• Work required: Copy all entries exactly, and wherever an entry holds a picture, leave that picture out.

• Material for this exercise:

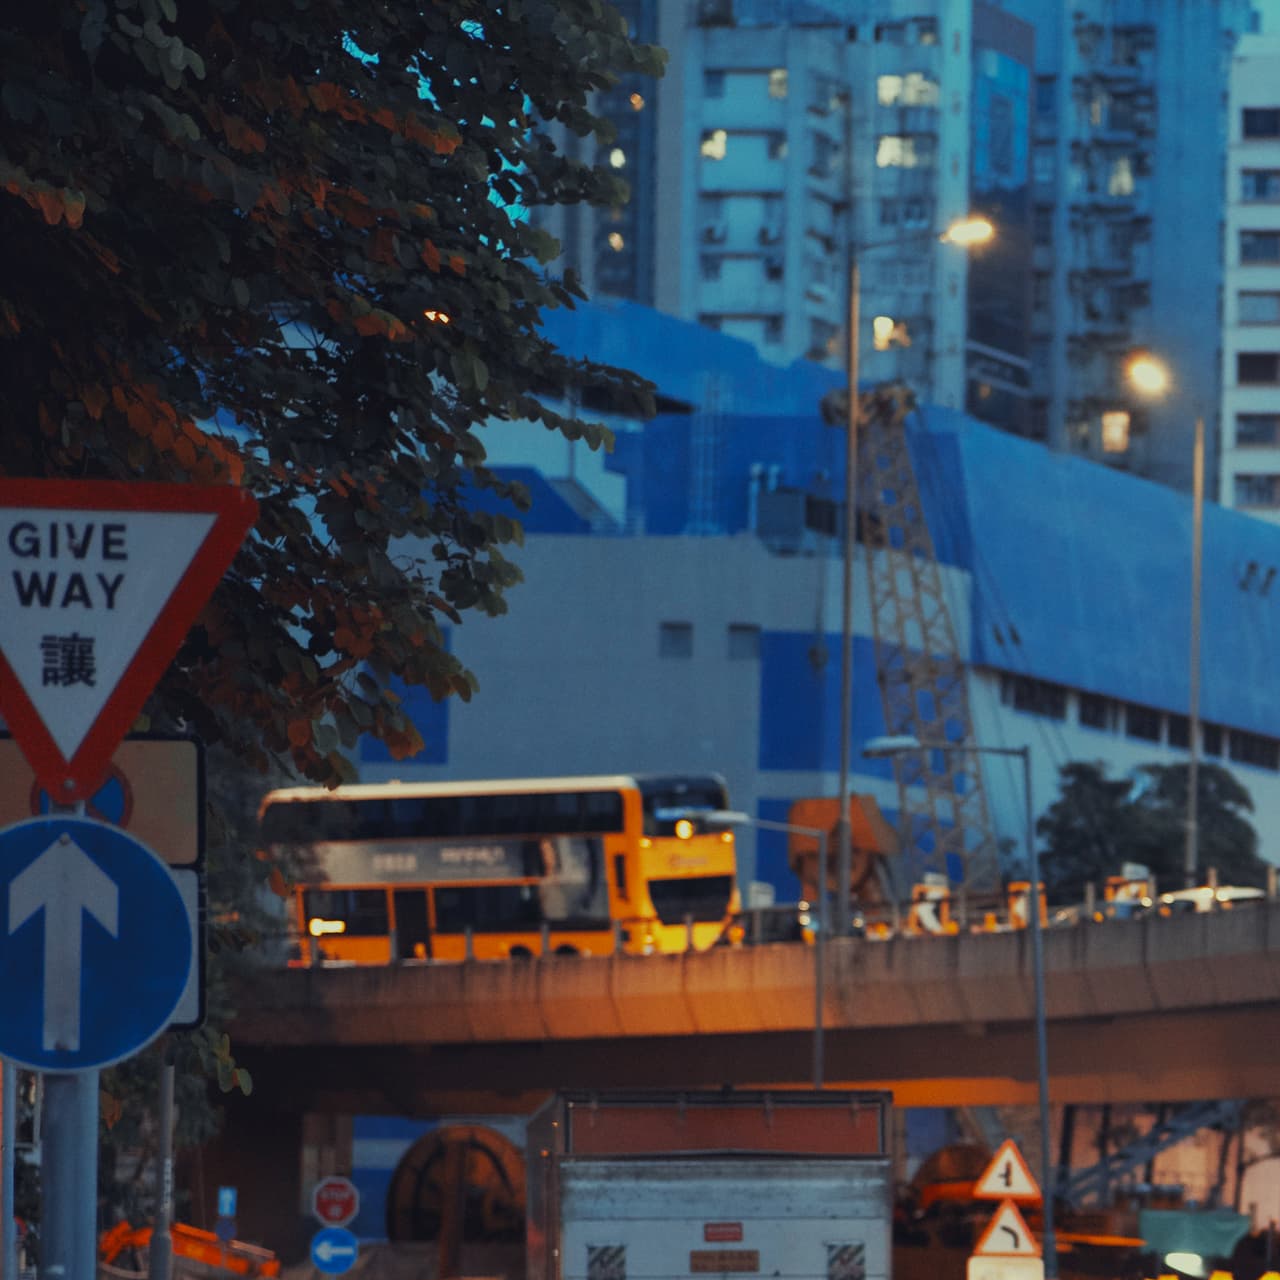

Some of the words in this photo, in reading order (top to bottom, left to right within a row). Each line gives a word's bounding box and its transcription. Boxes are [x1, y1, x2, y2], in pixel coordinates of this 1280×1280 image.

[8, 521, 128, 561] GIVE
[12, 571, 124, 610] WAY
[40, 632, 96, 688] 讓
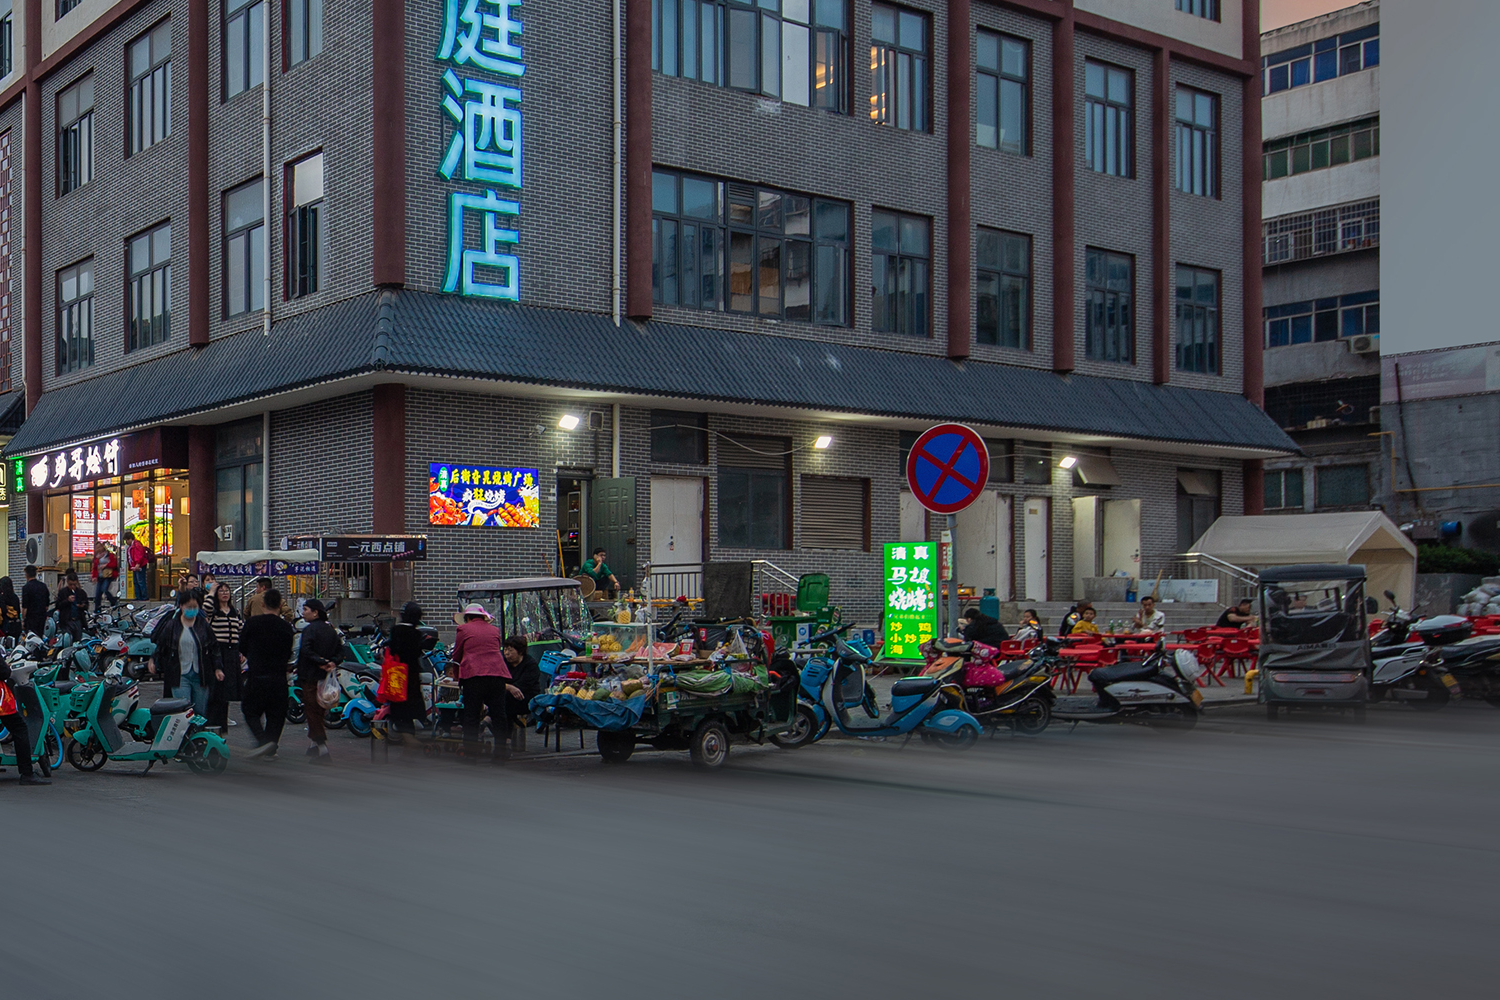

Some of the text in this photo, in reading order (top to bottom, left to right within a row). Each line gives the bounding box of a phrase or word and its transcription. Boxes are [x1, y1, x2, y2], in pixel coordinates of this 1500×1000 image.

[348, 541, 405, 553] 一元西点铺
[891, 545, 929, 560] 清真
[888, 585, 928, 612] 烧烤
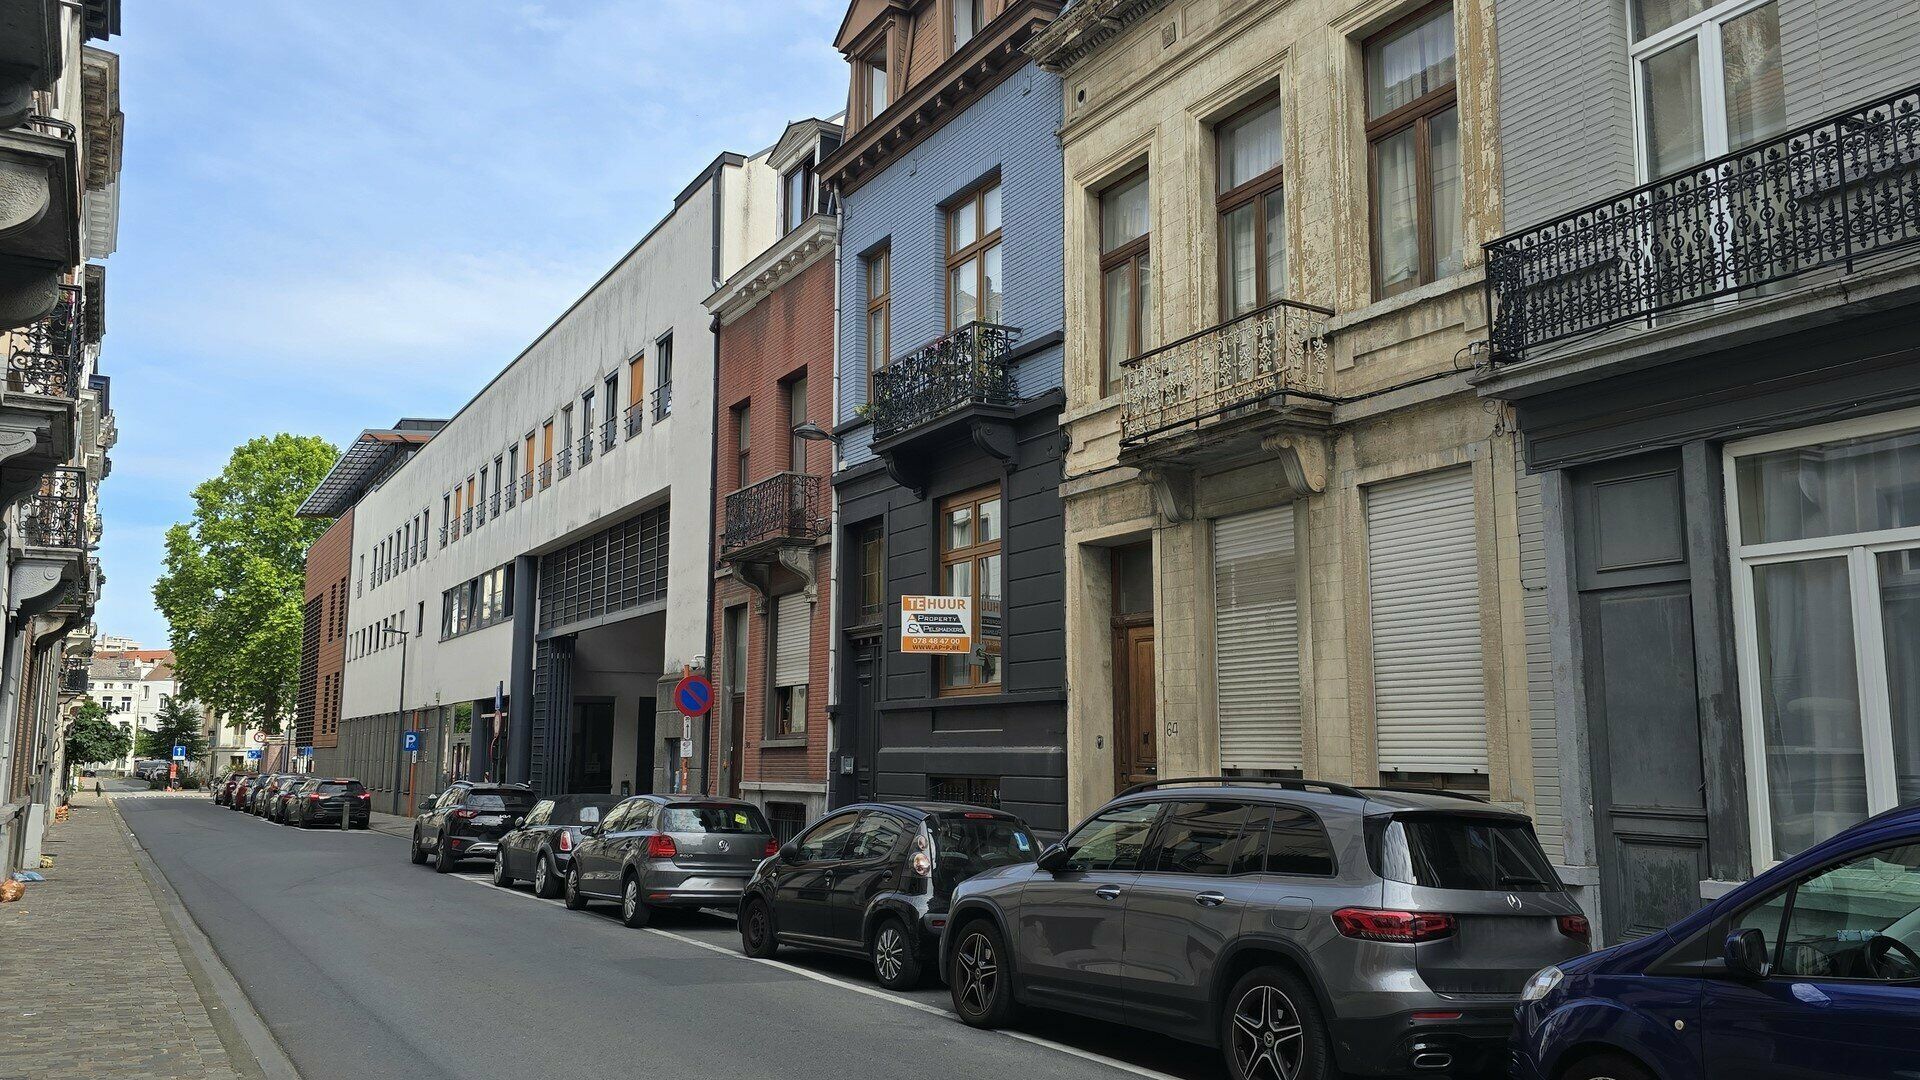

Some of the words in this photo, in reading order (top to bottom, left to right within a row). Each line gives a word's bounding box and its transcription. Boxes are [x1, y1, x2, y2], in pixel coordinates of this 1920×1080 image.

[908, 598, 925, 609] TE
[928, 599, 966, 610] HUUR
[1166, 722, 1179, 737] 64
[405, 734, 417, 748] P

• Your response:
Some of the words in this photo, in reading order (top to bottom, left to right within a row). Each line gives a word's bounding box and its transcription. Boxes are [x1, y1, x2, y2], in pixel coordinates of this 1280×1280 image.

[8, 521, 128, 561] GIVE
[12, 571, 124, 610] WAY
[40, 632, 96, 688] 讓

Some of the text in this photo, in reading order (top to bottom, left to right within a row). Each line gives the bounding box of a phrase or word and its transcription. Boxes are [x1, y1, x2, y2], in pixel coordinates of this 1500×1000 image.

[348, 541, 405, 553] 一元西点铺
[891, 545, 929, 560] 清真
[888, 585, 928, 612] 烧烤

Some of the words in this photo, in reading order (top to bottom, left to right within a row). Each line gives a word's bounding box and its transcription. Boxes are [x1, y1, x2, y2], in pixel coordinates of this 1920×1080 image.

[908, 598, 925, 609] TE
[928, 599, 966, 610] HUUR
[1166, 722, 1179, 737] 64
[405, 734, 417, 748] P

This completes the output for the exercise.